### Problem description:
Copy exactly, and copy only, the lines from the one bearing "this 1280×1707 image." through the final line of the records.

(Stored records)
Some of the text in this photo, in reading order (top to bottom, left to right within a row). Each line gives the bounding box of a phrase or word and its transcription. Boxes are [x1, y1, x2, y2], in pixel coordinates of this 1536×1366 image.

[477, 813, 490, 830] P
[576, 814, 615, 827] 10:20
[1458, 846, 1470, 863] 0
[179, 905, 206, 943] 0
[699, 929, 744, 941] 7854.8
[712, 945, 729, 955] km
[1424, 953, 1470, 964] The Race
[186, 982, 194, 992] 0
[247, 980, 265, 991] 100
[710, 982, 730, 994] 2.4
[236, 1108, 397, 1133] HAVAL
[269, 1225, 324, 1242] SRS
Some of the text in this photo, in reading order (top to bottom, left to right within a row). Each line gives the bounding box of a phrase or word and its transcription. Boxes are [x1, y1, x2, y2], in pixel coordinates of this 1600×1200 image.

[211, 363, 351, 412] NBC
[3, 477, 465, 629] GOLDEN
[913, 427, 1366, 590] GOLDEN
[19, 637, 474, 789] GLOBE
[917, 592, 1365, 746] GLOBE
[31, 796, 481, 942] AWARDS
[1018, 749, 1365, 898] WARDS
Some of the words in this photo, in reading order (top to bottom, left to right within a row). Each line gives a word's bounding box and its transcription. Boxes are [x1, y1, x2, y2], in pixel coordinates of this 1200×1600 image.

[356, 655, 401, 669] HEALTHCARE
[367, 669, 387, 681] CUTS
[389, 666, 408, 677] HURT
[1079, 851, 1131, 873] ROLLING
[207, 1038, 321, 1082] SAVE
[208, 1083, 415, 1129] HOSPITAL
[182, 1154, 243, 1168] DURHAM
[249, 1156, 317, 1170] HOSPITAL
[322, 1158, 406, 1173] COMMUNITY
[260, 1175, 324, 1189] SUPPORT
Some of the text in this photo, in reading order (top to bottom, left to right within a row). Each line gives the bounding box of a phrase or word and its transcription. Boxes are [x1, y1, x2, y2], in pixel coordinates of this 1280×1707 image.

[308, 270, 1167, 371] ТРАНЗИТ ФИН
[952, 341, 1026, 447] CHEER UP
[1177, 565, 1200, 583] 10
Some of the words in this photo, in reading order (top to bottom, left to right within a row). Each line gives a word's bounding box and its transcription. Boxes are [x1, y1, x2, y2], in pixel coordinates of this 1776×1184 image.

### Answer to this problem:
Some of the text in this photo, in reading order (top to bottom, left to right within a row). Each line gives the bounding box of a phrase or word and its transcription. Boxes are [x1, y1, x2, y2], in pixel coordinates of this 1280×1707 image.

[308, 270, 1167, 371] ТРАНЗИТ ФИН
[952, 341, 1026, 447] CHEER UP
[1177, 565, 1200, 583] 10
Some of the words in this photo, in reading order (top to bottom, left to right within a row). Each line gives a word's bounding box and its transcription. Boxes are [x1, y1, x2, y2], in pixel coordinates of this 1776×1184 image.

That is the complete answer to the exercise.